If the disease has already been diagnosed, information exists in the genes CYBA, ACE, GPXI. Polymorphisms in these genes may indicate an increased risk of complications of diabetes.
People with polymorphisms (non-standard option) in the above genes are most prone to complications and should carefully monitor their blood sugar.
Attention to your health and the implementation of “genetic prevention” measures will help to avoid this disease or minimize its devastating consequences.
Genes that indirectly affect the development of diabetes
In the human body there are many genes in which polymorphisms may not directly affect the development of diabetes, but indirectly increase the likelihood of developing this disease. How it works? We give a simple example. The implementation of diabetes is greatly influenced by human nutrition throughout life. Each product containing carbohydrates has a specific glycemic index. This is an indicator that reflects the rate of conversion of an organism-split product to glucose. The faster the product breaks down and converts to glucose, the higher its glycemic index.
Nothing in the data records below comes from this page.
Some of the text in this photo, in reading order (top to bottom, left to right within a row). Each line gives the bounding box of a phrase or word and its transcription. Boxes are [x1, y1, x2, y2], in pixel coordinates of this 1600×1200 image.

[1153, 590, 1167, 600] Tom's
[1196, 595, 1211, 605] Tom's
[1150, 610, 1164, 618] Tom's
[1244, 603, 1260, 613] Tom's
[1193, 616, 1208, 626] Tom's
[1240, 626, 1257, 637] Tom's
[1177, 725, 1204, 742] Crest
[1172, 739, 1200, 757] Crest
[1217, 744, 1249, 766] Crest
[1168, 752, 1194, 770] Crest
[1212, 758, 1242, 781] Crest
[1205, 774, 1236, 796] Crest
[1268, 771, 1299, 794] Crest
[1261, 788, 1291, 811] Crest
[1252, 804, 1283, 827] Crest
People with diabetes or with a genetic predisposition to it should not eat foods with a high glycemic index, as this causes a sharp jump in blood sugar. Carriers of polymorphism in the FTO gene have an increased tendency to overeat and an inability to control appetite – such a person will most likely eat foods with a high glycemic index. In this case, diabetes mellitus of the second type can develop without a direct genetic predisposition.
By the way, a high glycemic index is not the same as high-calorie and junk food. For example, not only chocolate and pies have a high glycemic index, but also apricots, dates, blueberries, boiled carrots. Now there is a lot of information in free access that reveals the glycemic indices of most known food products in detail, so everyone can begin to control their diet.
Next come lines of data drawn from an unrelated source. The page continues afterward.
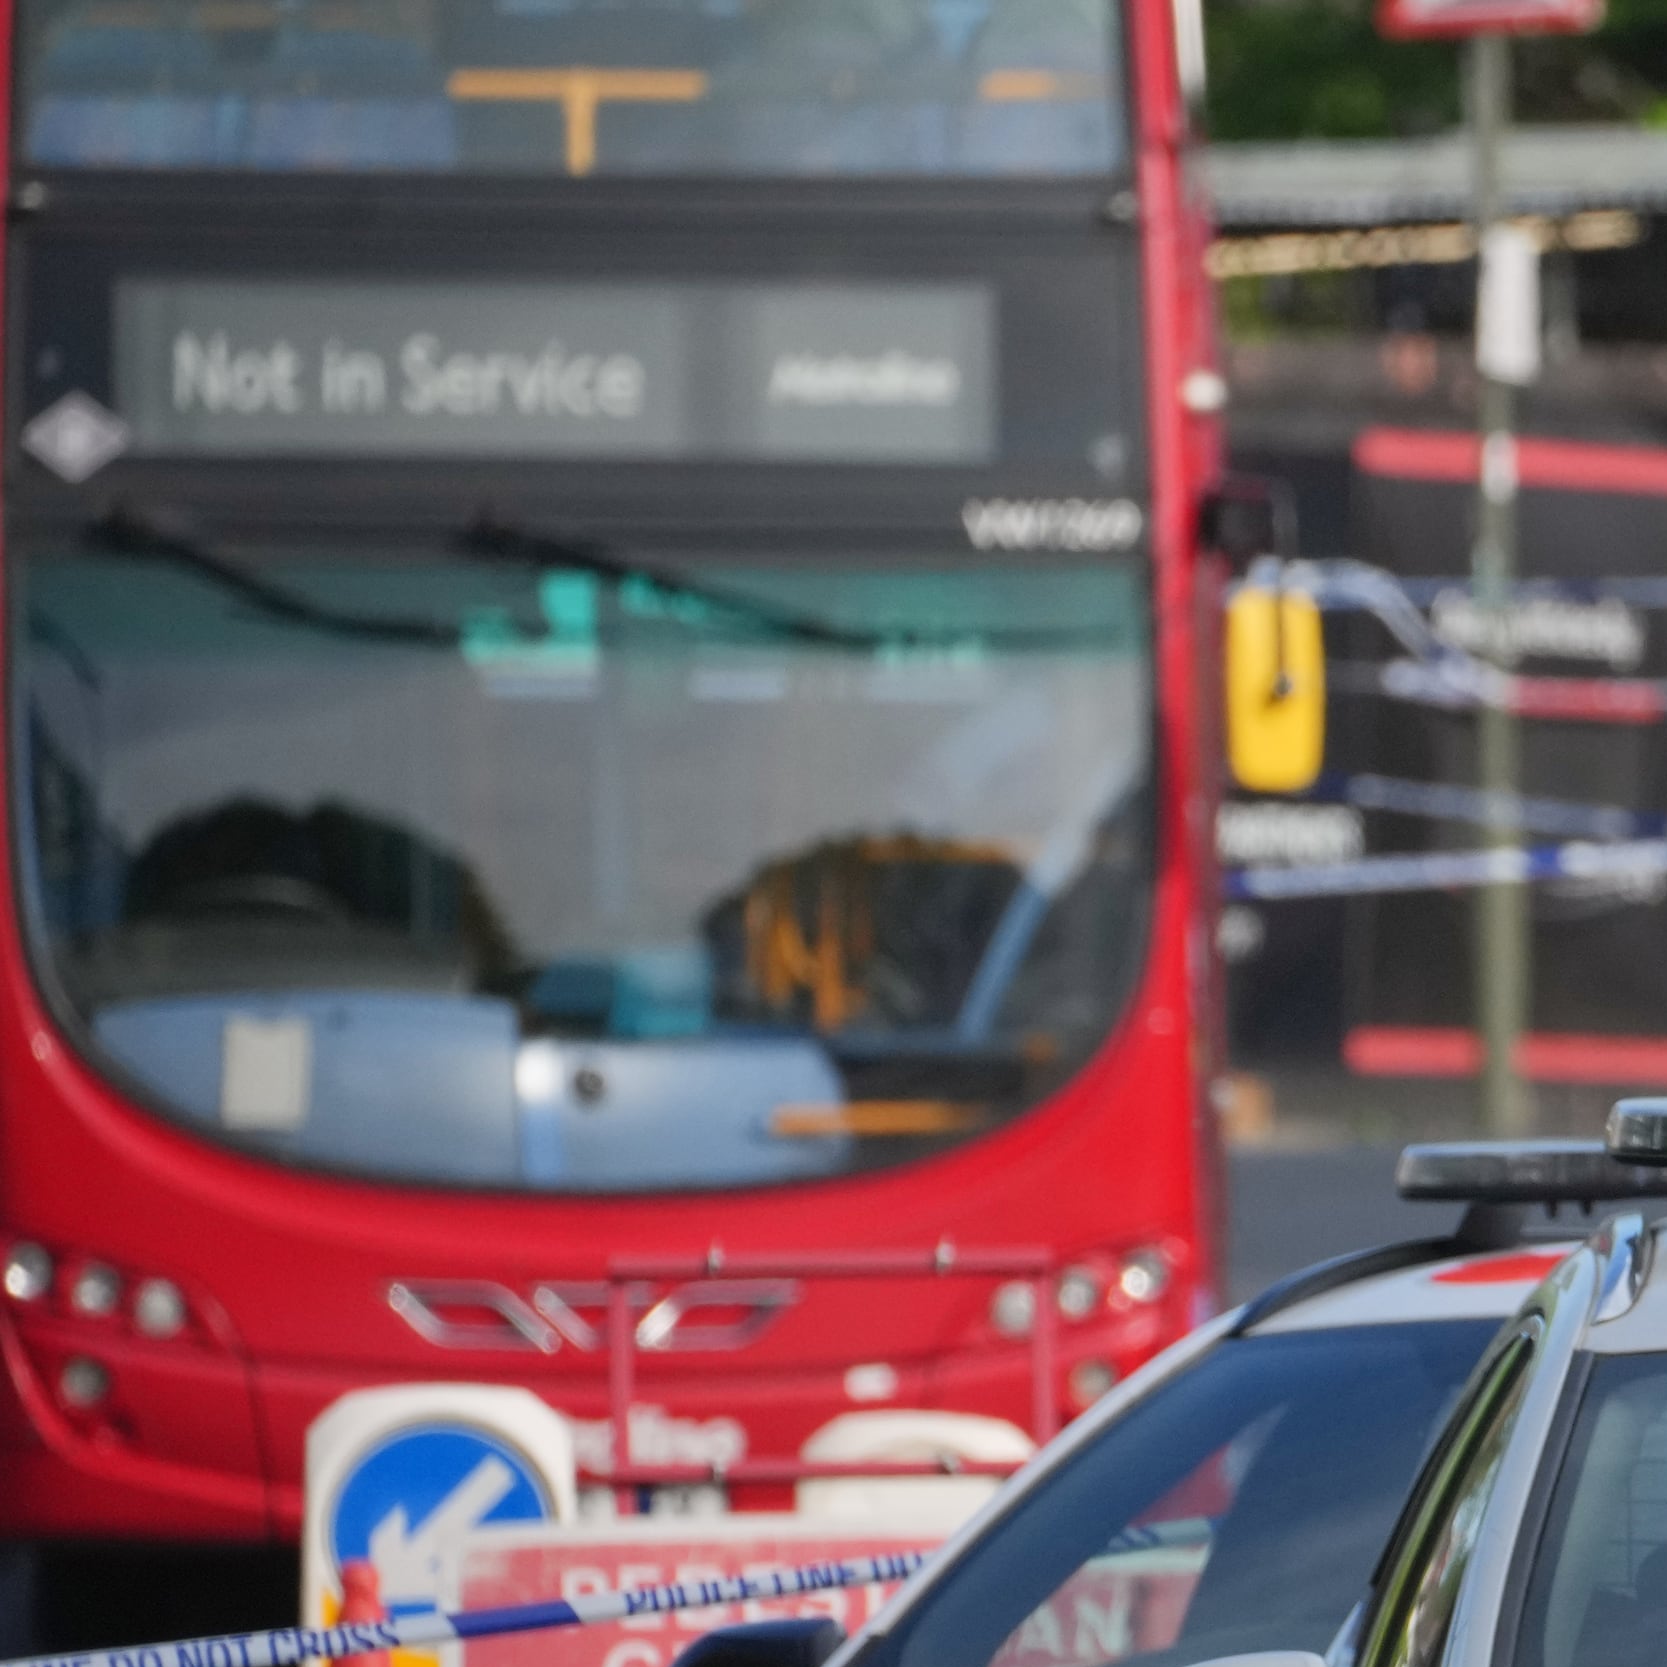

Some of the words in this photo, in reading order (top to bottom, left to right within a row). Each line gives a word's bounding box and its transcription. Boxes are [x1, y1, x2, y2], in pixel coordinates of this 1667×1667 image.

[173, 328, 298, 415] Not
[320, 334, 388, 415] in
[402, 331, 646, 418] Service
[770, 1562, 855, 1596] LINE
[268, 1622, 401, 1666] CROSS
It is worth noting that obesity and type 2 diabetes are very closely related. Often hypertension also joins them. Obesity significantly increases the chance of developing diabetes, as well as hypertension. Therefore, having direct or indirect predispositions to diabetes, it is necessary to control weight, as well as carbohydrate intake, maintaining a balance of all other necessary substances (proteins, healthy fats), not forgetting about clean water. It would seem banal recommendations, but already they can help reduce the risk that a person will face diabetes.
Genetics Can Be Bypassed
Genes are the foundation of a house that a person has to build. And on the same foundation, you can build different houses: stable or falling apart. A great influence on the development of diabetes, like many other pathologies, is exerted by a person’s lifestyle, nutrition and his psycho-emotional attitude to his own health and condition.
Even if a particular person has, for example, a genetic predisposition to insulin resistance, a slowed metabolism of carbohydrates, an increased risk of obesity and cardiovascular disease, but at the same time, he eats properly, plays sports, has no bad habits and constantly monitors blood sugar , the level of the hormone insulin and other indicators, then he has every chance to avoid diabetes and live a long active life.
Type 2 diabetes represents a great danger to mankind to a greater extent due to low awareness of this disease, its predisposition to it and its consequences. In this case, early diagnosis and analysis of predisposition to pathology plays a very important role in saving the patient. The sooner a person learns about his genetic risks, the higher his chance to avoid the onset of diabetes and related pathologies.